● **EXERCISE DIRECTIONS**
Give back the whole listing exactly as written, pictures excluded.

● **SUPPLIED DATA**
______________________________

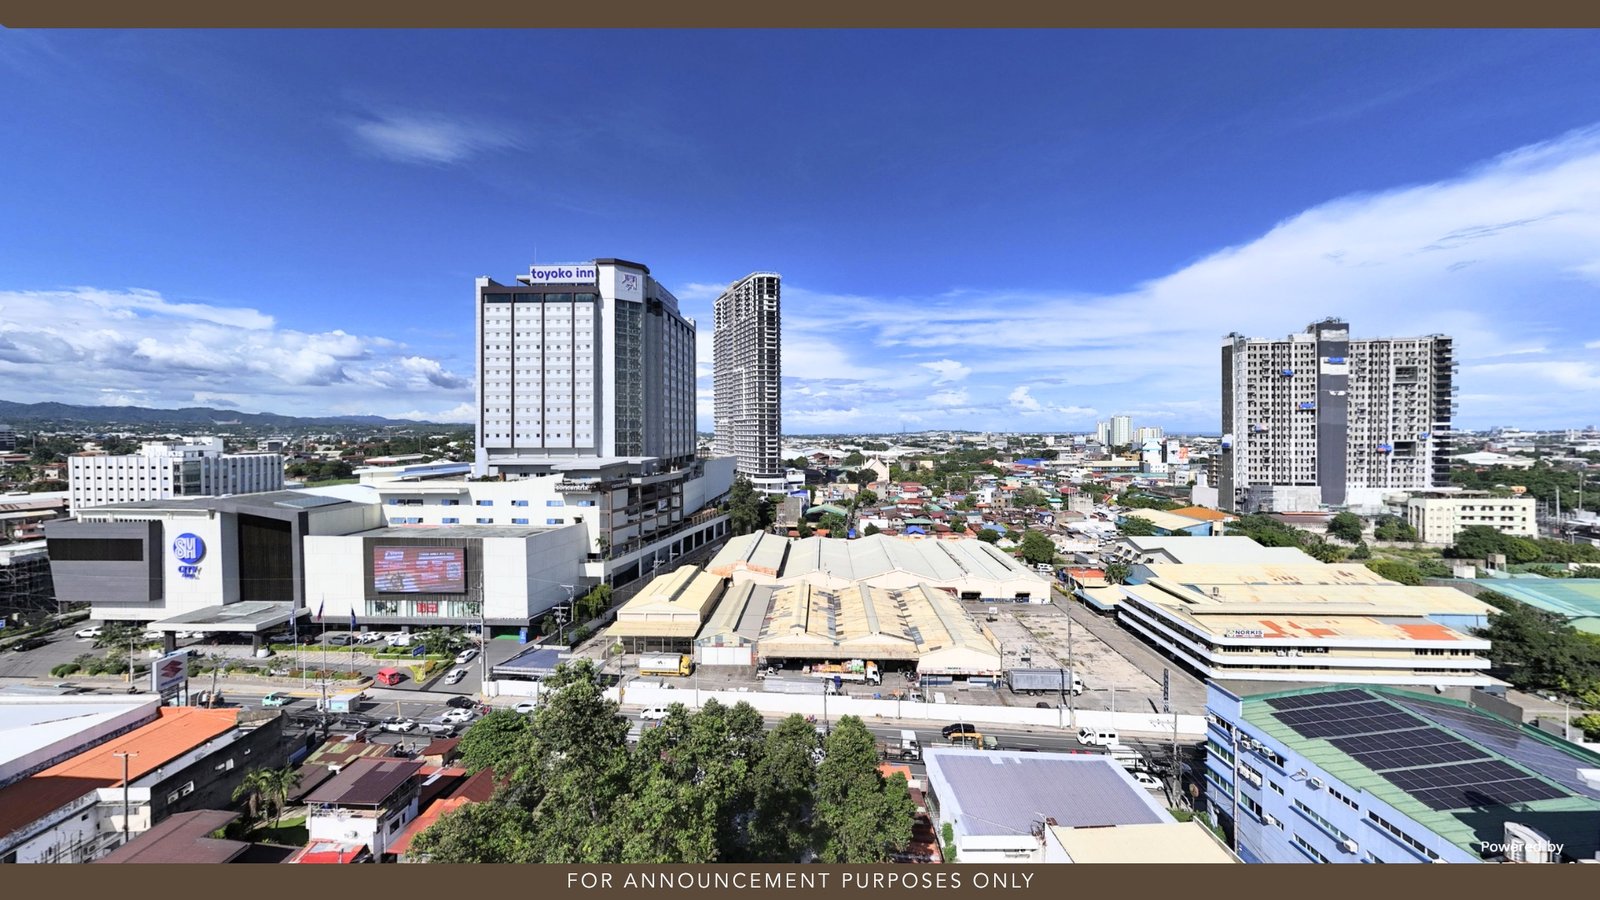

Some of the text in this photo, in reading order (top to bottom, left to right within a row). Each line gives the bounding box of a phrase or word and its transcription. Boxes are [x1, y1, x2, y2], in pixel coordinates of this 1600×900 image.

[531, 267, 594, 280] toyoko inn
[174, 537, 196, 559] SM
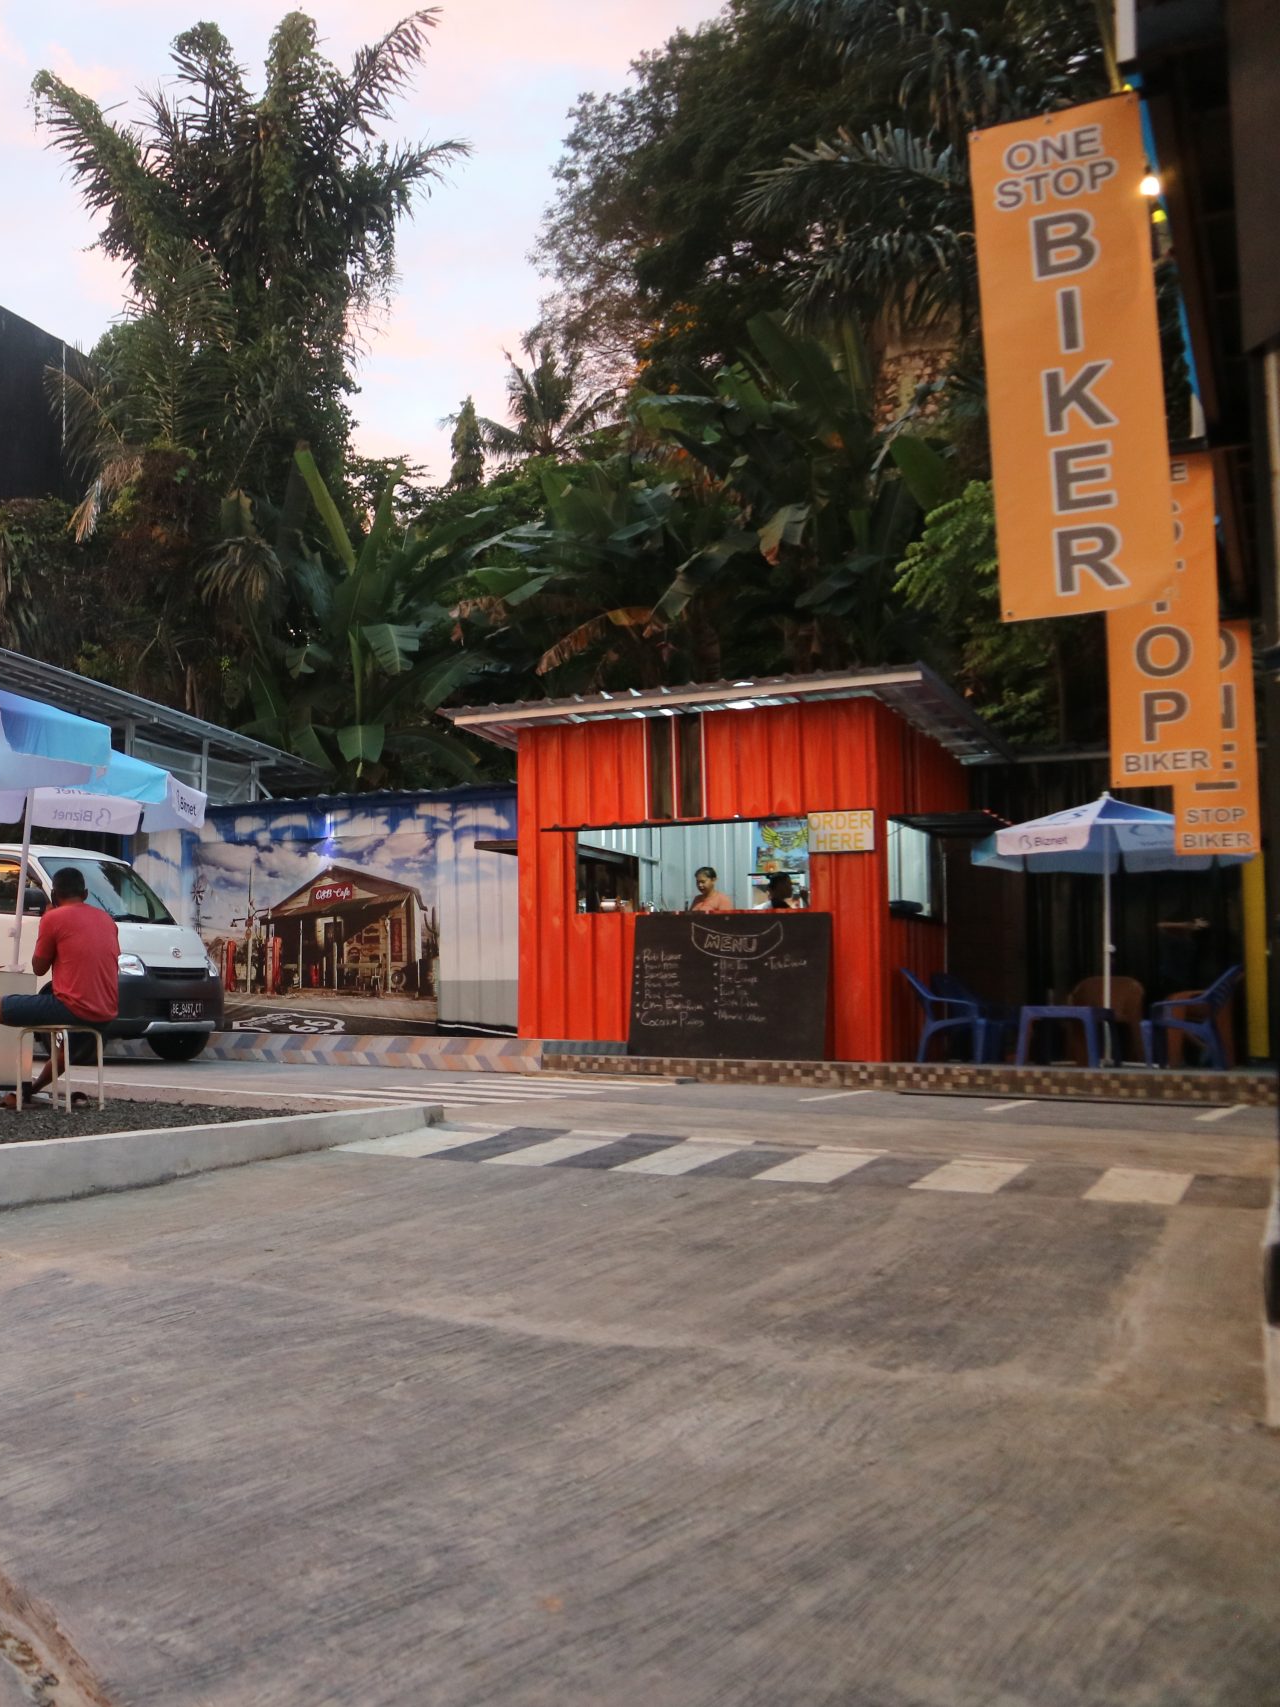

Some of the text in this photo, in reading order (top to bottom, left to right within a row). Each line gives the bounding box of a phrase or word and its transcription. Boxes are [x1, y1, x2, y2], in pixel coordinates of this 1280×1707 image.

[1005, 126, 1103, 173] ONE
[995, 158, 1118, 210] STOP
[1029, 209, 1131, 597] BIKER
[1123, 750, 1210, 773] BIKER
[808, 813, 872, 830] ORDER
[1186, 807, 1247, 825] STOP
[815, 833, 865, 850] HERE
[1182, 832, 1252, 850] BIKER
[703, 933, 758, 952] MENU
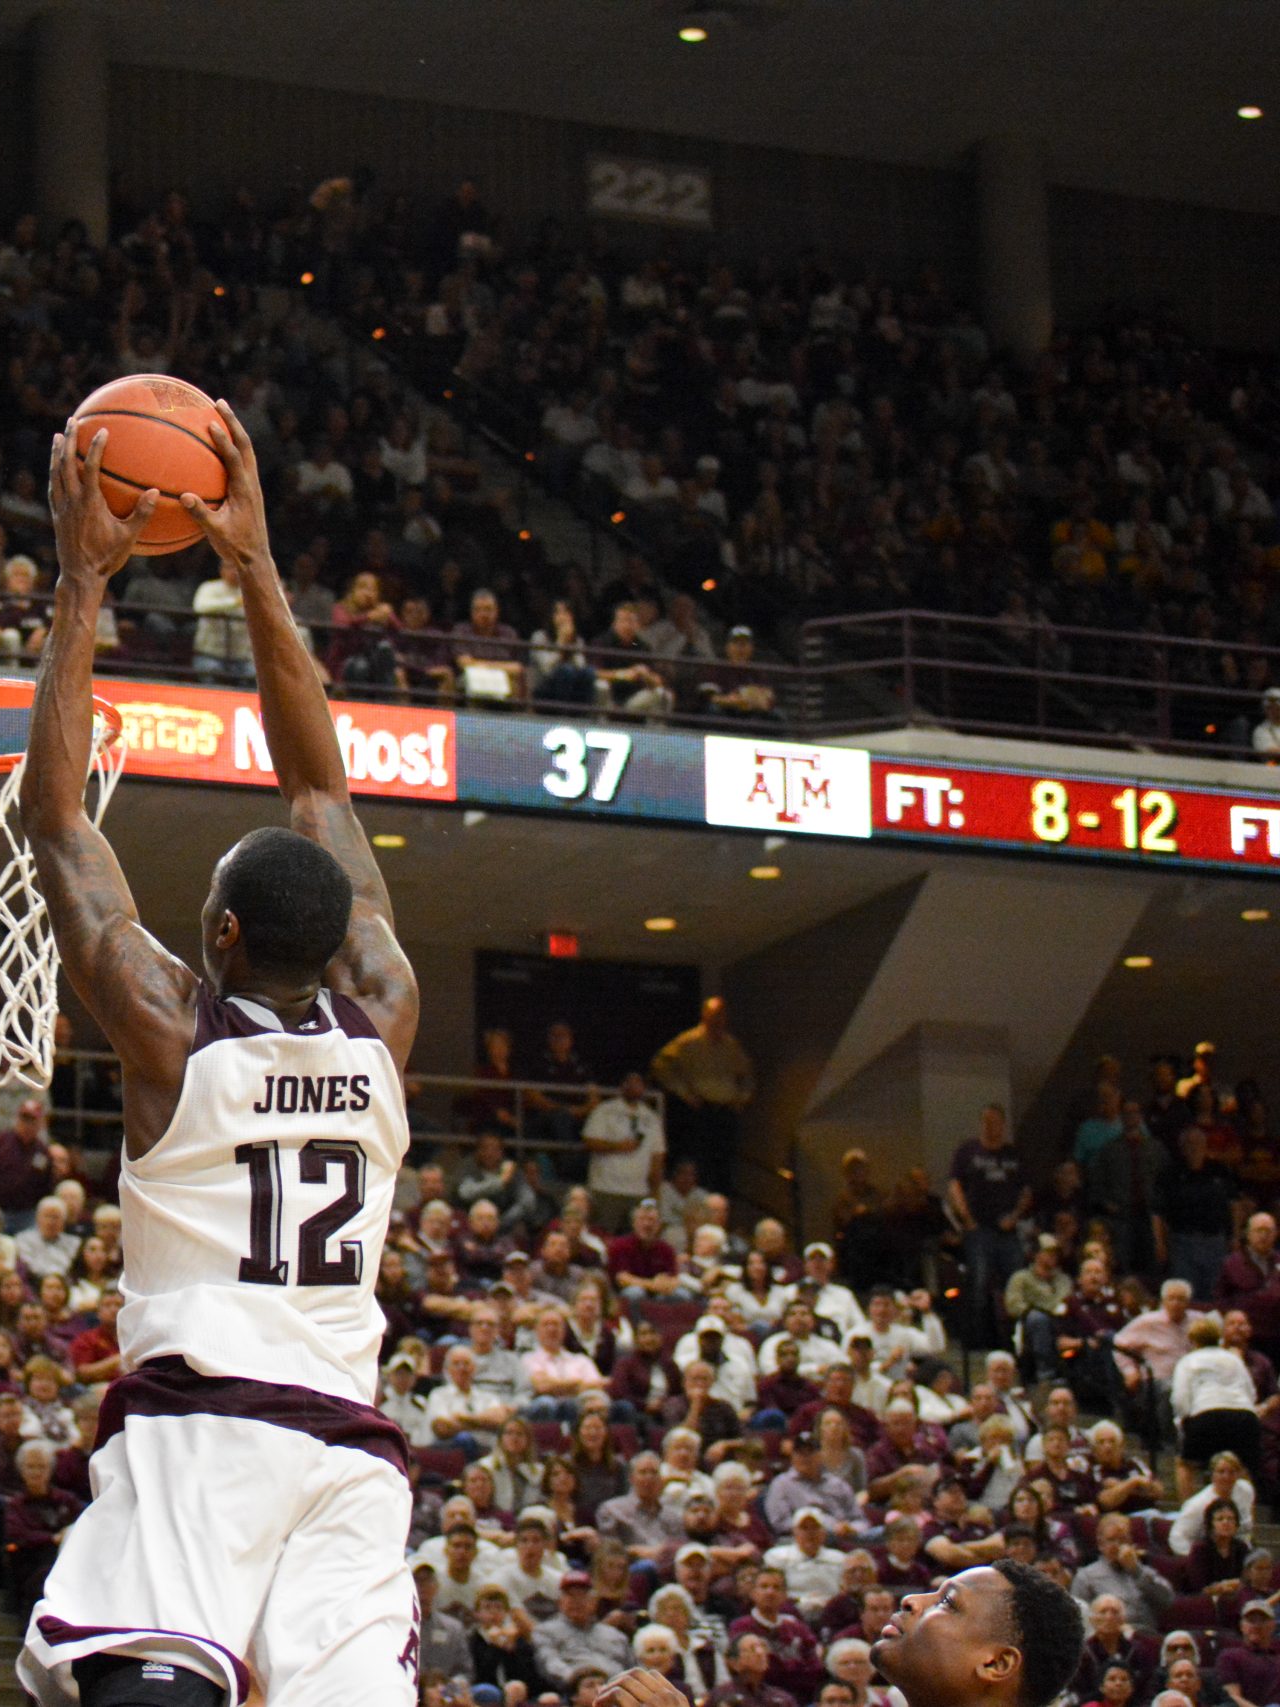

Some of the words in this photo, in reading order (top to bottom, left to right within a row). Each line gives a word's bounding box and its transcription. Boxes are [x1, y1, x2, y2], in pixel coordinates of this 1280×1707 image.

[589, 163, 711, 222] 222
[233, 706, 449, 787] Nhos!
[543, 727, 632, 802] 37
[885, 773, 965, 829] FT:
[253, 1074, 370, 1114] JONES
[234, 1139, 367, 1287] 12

______________________________

● **TASK SOLUTION**
Some of the text in this photo, in reading order (top to bottom, left to right within a row). Each line gives the bounding box of a phrase or word and its transcription. Boxes are [x1, y1, x2, y2], in pixel coordinates of this 1600×900 image.

[531, 267, 594, 280] toyoko inn
[174, 537, 196, 559] SM

Some of the text in this photo, in reading order (top to bottom, left to right within a row). Each line gives the bounding box of a phrase or word and its transcription. Boxes are [x1, y1, x2, y2], in pixel coordinates of this 1280×1707 image.

[1005, 126, 1103, 173] ONE
[995, 158, 1118, 210] STOP
[1029, 209, 1131, 597] BIKER
[1123, 750, 1210, 773] BIKER
[808, 813, 872, 830] ORDER
[1186, 807, 1247, 825] STOP
[815, 833, 865, 850] HERE
[1182, 832, 1252, 850] BIKER
[703, 933, 758, 952] MENU

Some of the words in this photo, in reading order (top to bottom, left to right within a row). Each line gives a word's bounding box and its transcription. Boxes are [x1, y1, x2, y2], in pixel coordinates of this 1280×1707 image.

[589, 163, 711, 222] 222
[233, 706, 449, 787] Nhos!
[543, 727, 632, 802] 37
[885, 773, 965, 829] FT:
[253, 1074, 370, 1114] JONES
[234, 1139, 367, 1287] 12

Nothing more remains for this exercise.